No Brasil, o compliance se difundiu com a Lei 12.846/2013, a famosa Lei Anticorrupção, cujo desiderato é responsabilizar objetivamente pessoas jurídicas e subjetivamente seus dirigentes e qualquer outras pessoas ligadas àquelas que tenham praticado atos lesivos descritos pelo artigo 5º, em face da Administração Pública. Recentemente regulamentada pelo Decreto 11.129/2022, que substituiu o Decreto 8.420/2015, reforçou-se a ideia base de qualquer sistema de compliance, em especial os programas de integridade, qual seja, o fomento da cultura da integridade, como se lê do artigo 56, do novel decreto.

Dentre muitos aspectos do compliance, um absolutamente relevante é o ligado às boas práticas relacionadas à due diligence, que igualmente encontra previsão no artigo 57, inciso XIII, do referido Decreto 11.129/2022, apregoando como parâmetro do programa de integridade a adoção pelas empresas de “diligências apropriadas, baseadas em riscos”.

 De fato, a due diligence é o procedimento pelo qual se objetiva a mitigar riscos de variadas ordens quando envolve terceiros. Especialmente relevante para operações envolvendo fusões e aquisições, serve para trazer segurança na escolha de fornecedores, representantes e parceiros em geral, até mesmo colaboradores, com foco na prudência e diligência para tomada consciente de decisões empresariais, não que o dever de diligência já não estivesse contemplado no artigo 153, da Lei das Sociedades Anônimas (Lei 6.404/1976), ou no artigo 1.011, do Código Civil, como um dever tradicional dos administradores no trato das questões envolvendo a empresa, a que se sujeitam inclusive, à responsabilização pessoal.

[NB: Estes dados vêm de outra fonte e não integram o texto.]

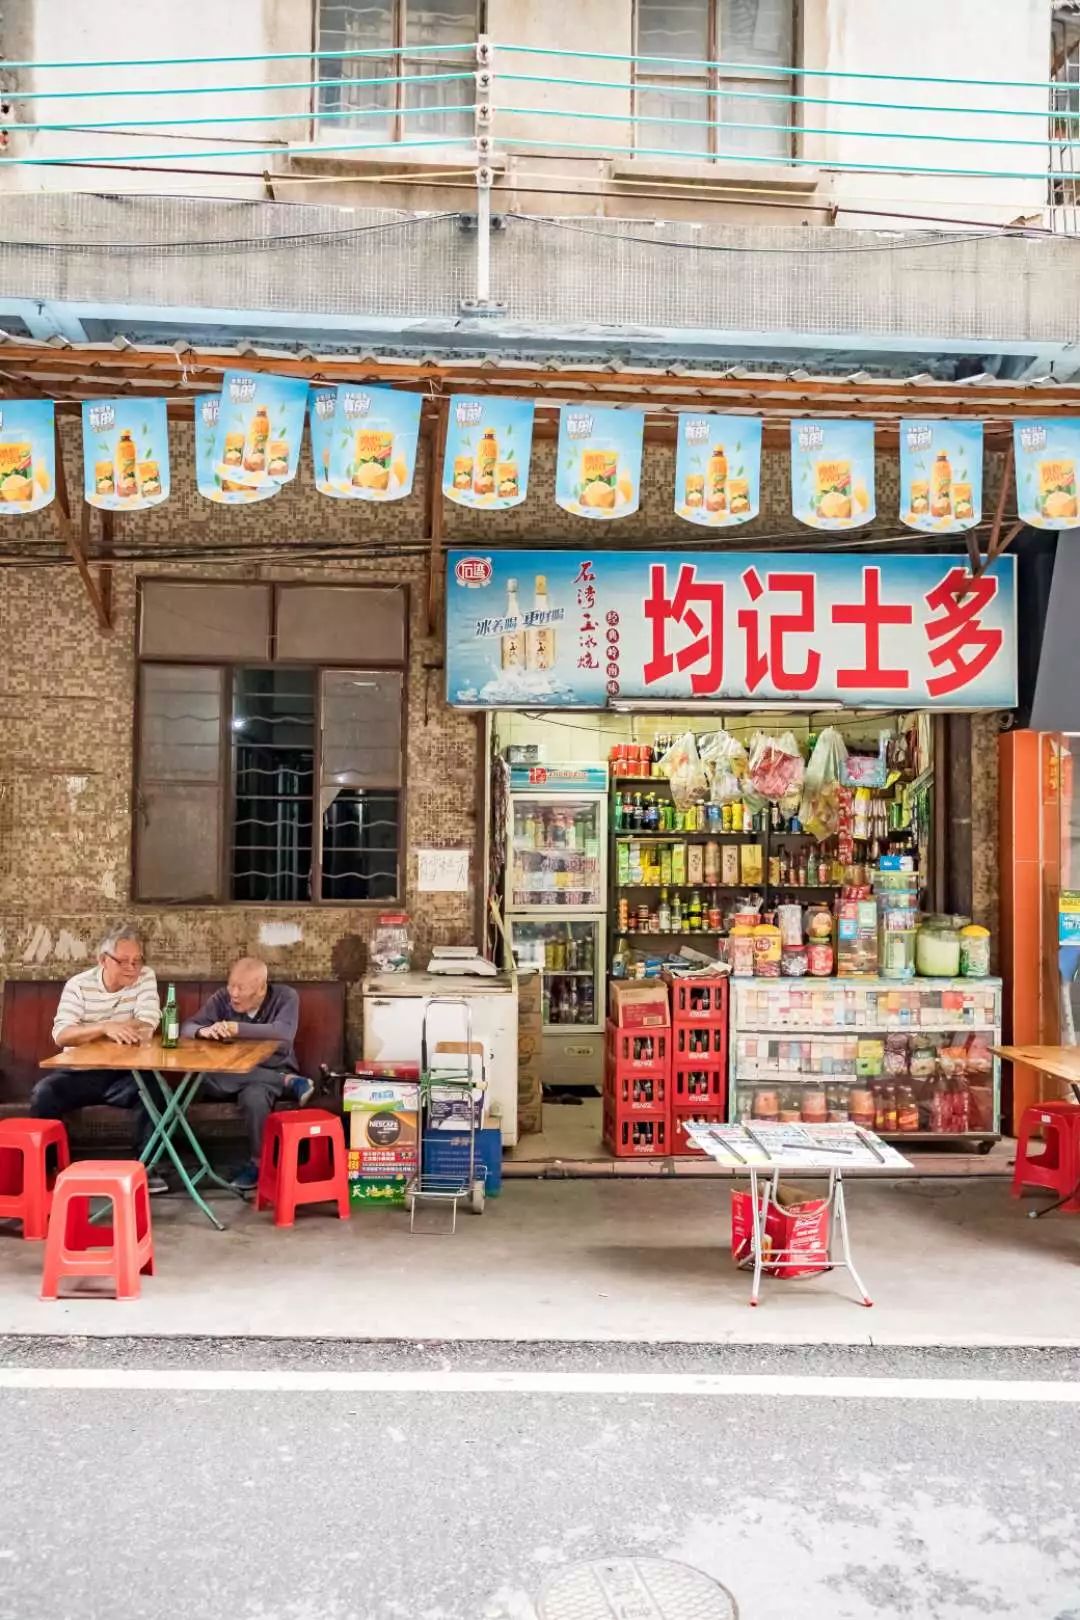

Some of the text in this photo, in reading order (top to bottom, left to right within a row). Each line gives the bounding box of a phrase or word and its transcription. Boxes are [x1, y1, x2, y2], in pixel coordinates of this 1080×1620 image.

[461, 562, 486, 580] 石湾
[573, 560, 600, 669] 石湾玉冰烧
[643, 563, 1003, 698] 均记士多

A OCDE ressalta a importância das devidas diligências. Para ela as operações comerciais podem não ser inerentemente arriscadas, mas as circunstâncias (por exemplo, questões de estado de direito, falta de cumprimento de normas, comportamento de relações negociais) pode resultar em riscos de impactos. A devida diligência auxilia as empresas a antecipar e prevenir ou mitigar esses impactos. Em alguns casos limitados, a devida diligência pode ajudá-las a decidir se devem ou não prosseguir ou até mesmo interromper operações ou relações comerciais, porque o risco de impacto em frente a uma situação adversa pode ser muito alto, ou porque mesmo tendo empreendido esforços de mitigação, estes não tenham sido bem-sucedidos” [2].

Dentre muitos aspectos pelos quais a due diligence se justifica, um exemplo é notoriamente conhecido. Quando se lê notícias como as recentemente veiculadas pela mídia do uso de mão de obra análoga à escrava por algum fornecedor, e essa é uma prática que infelizmente ocorreu repetidas vezes no setor têxtil, no agronegócio (cafeicultura, viticultura, cotonicultura, entre outros), no setor de transporte e logística, na construção civil, a se ver da lastimável e extensa “lista suja” que pode ser facilmente consultada no website do Ministério do Trabalho e Previdência, compreende-se o quão importante se faz a adoção de diligências prévias como ferramenta de contratação, embora também útil na fase de execução do contrato.

É, sem dúvida, um mecanismo fundamental para qualquer empresa, porque de nada adianta fazer a “lição de casa” se o seu fornecedor não o faz. Se a empresa não compactuou, então negligenciou e por isso no mínimo o risco de dano reputacional, o dano à imagem institucional, poderá ser implementado, porque ninguém mais duvida da potência avassaladora advinda da difusão da informação, de modo que não adianta tentar “tapar o sol com a peneira”, é preciso antever situações adversas valendo-se das máximas em todas as suas relações: “know your partner (KYP), know your employee (KYE) and  know your costumer (KYC)”.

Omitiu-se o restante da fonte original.